Start of Block

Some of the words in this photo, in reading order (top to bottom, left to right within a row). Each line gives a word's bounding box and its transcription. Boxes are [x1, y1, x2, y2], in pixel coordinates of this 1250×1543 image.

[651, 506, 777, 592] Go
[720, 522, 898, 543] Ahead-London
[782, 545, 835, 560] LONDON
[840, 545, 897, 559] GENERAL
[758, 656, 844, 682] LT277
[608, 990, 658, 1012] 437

End of Block
Start of Block

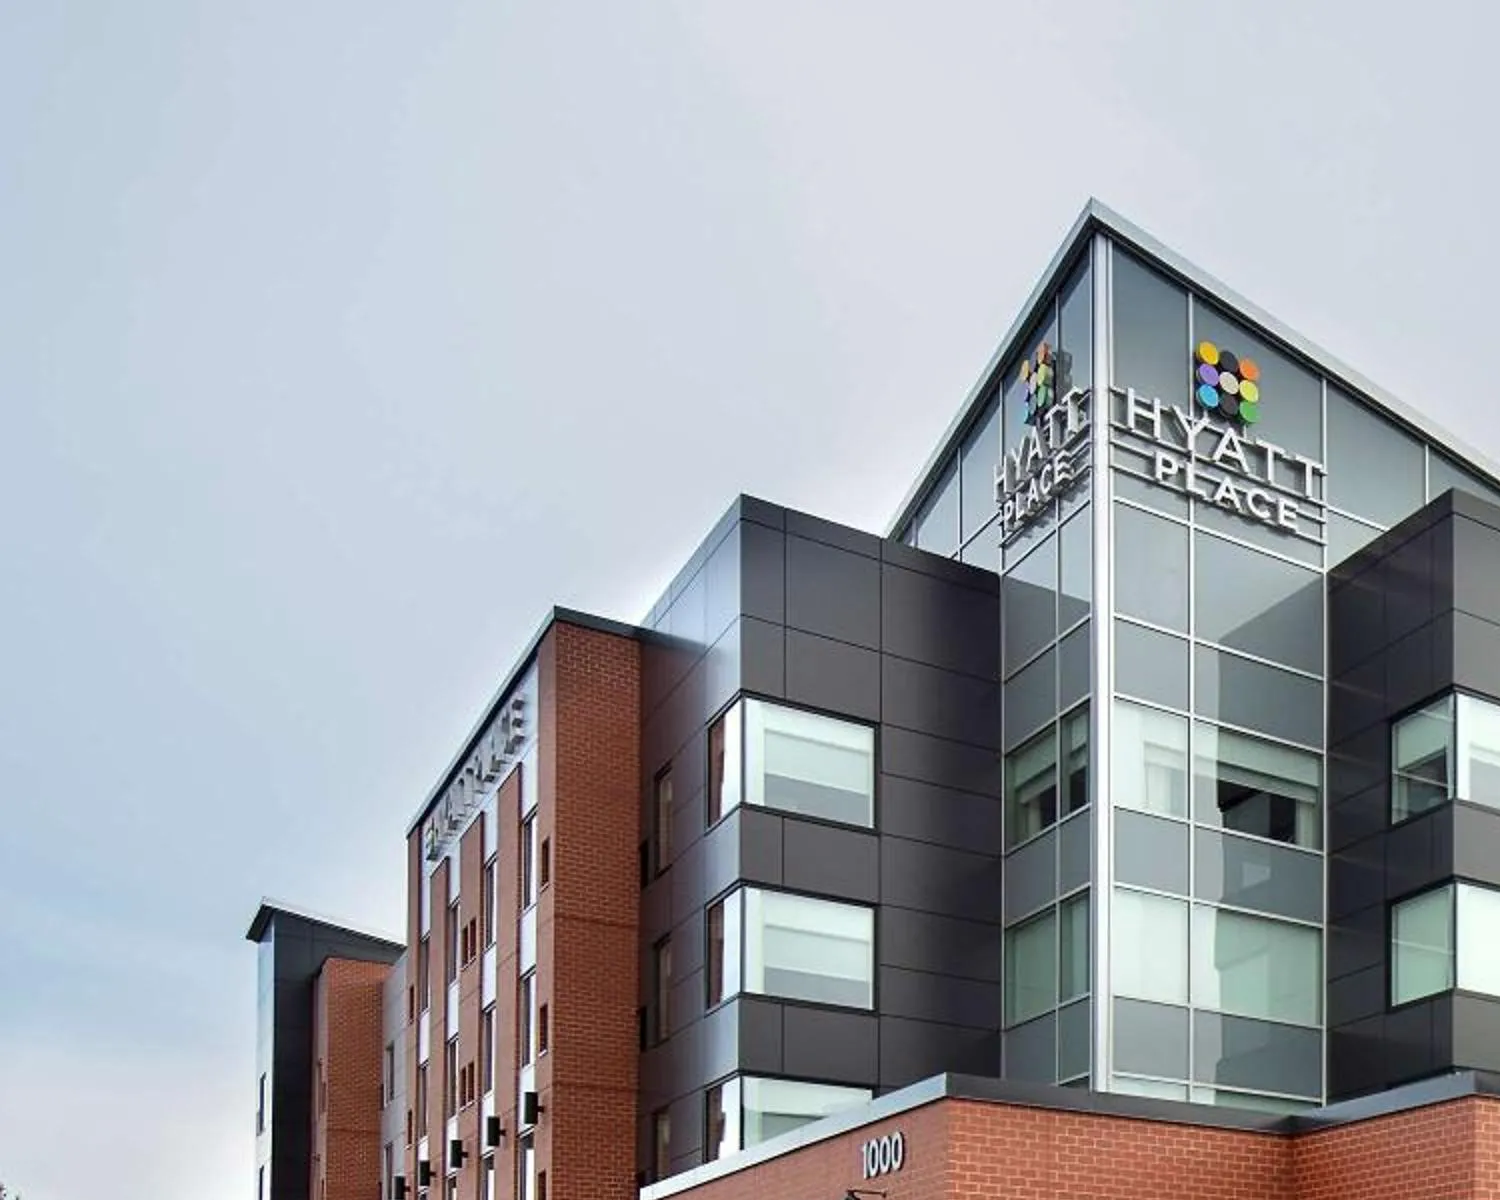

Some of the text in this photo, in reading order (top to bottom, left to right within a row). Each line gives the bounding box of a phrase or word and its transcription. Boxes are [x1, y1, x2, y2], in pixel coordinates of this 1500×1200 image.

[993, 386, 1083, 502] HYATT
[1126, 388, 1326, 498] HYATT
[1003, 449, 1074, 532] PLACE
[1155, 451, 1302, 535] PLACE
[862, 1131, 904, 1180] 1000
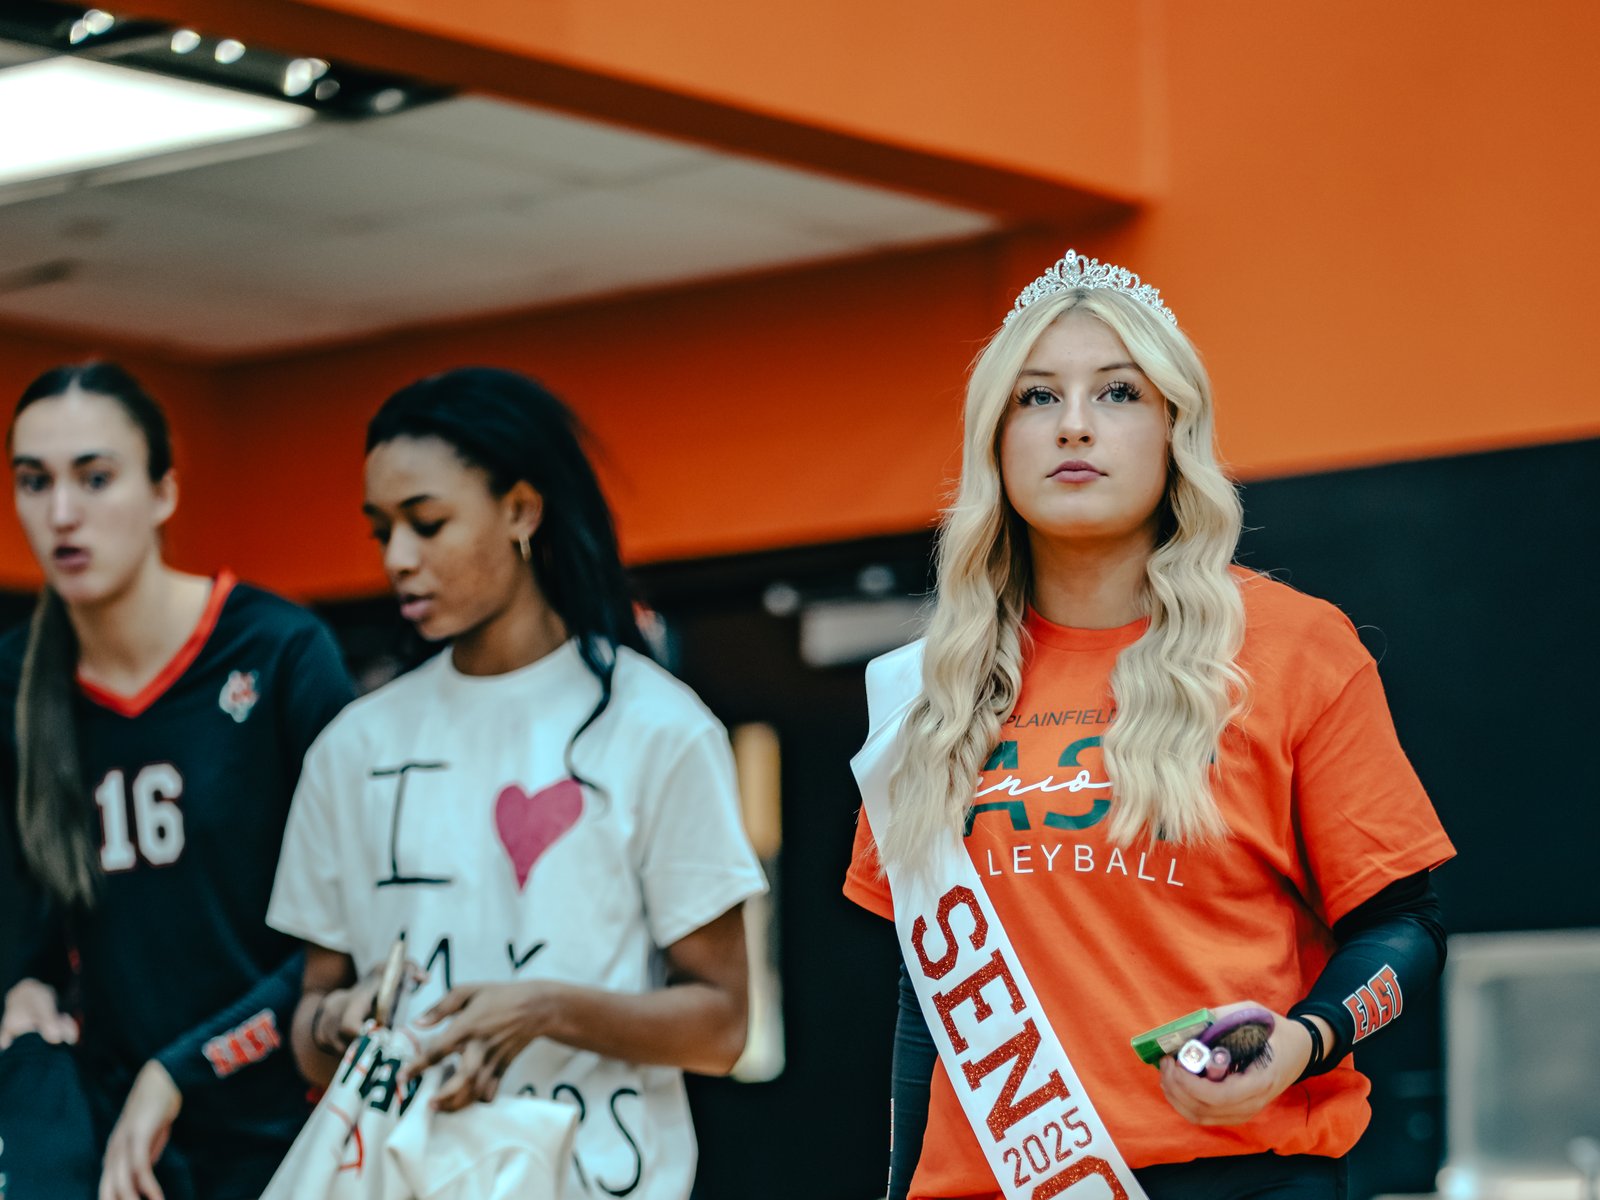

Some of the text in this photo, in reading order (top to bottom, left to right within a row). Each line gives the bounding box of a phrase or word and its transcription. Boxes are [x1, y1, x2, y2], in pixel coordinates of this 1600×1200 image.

End of Block

## ASSIGNED TASK
How would the lines above read from the one with "this 1500×1200 image." to the one with "this 1600×1200 image.", inclusive, with no pictures? Write them out exactly.

## THE COMPLETED TASK
Some of the text in this photo, in reading order (top to bottom, left to right within a row). Each line gives the bounding box of a phrase or word and its transcription. Boxes are [x1, y1, x2, y2], in pixel coordinates of this 1500×1200 image.

[993, 386, 1083, 502] HYATT
[1126, 388, 1326, 498] HYATT
[1003, 449, 1074, 532] PLACE
[1155, 451, 1302, 535] PLACE
[862, 1131, 904, 1180] 1000

Some of the text in this photo, in reading order (top to bottom, left to right within a row). Each line gives the bounding box of a phrase or word and its transcription. Boxes are [x1, y1, x2, y2], in pixel coordinates of this 1600×1200 image.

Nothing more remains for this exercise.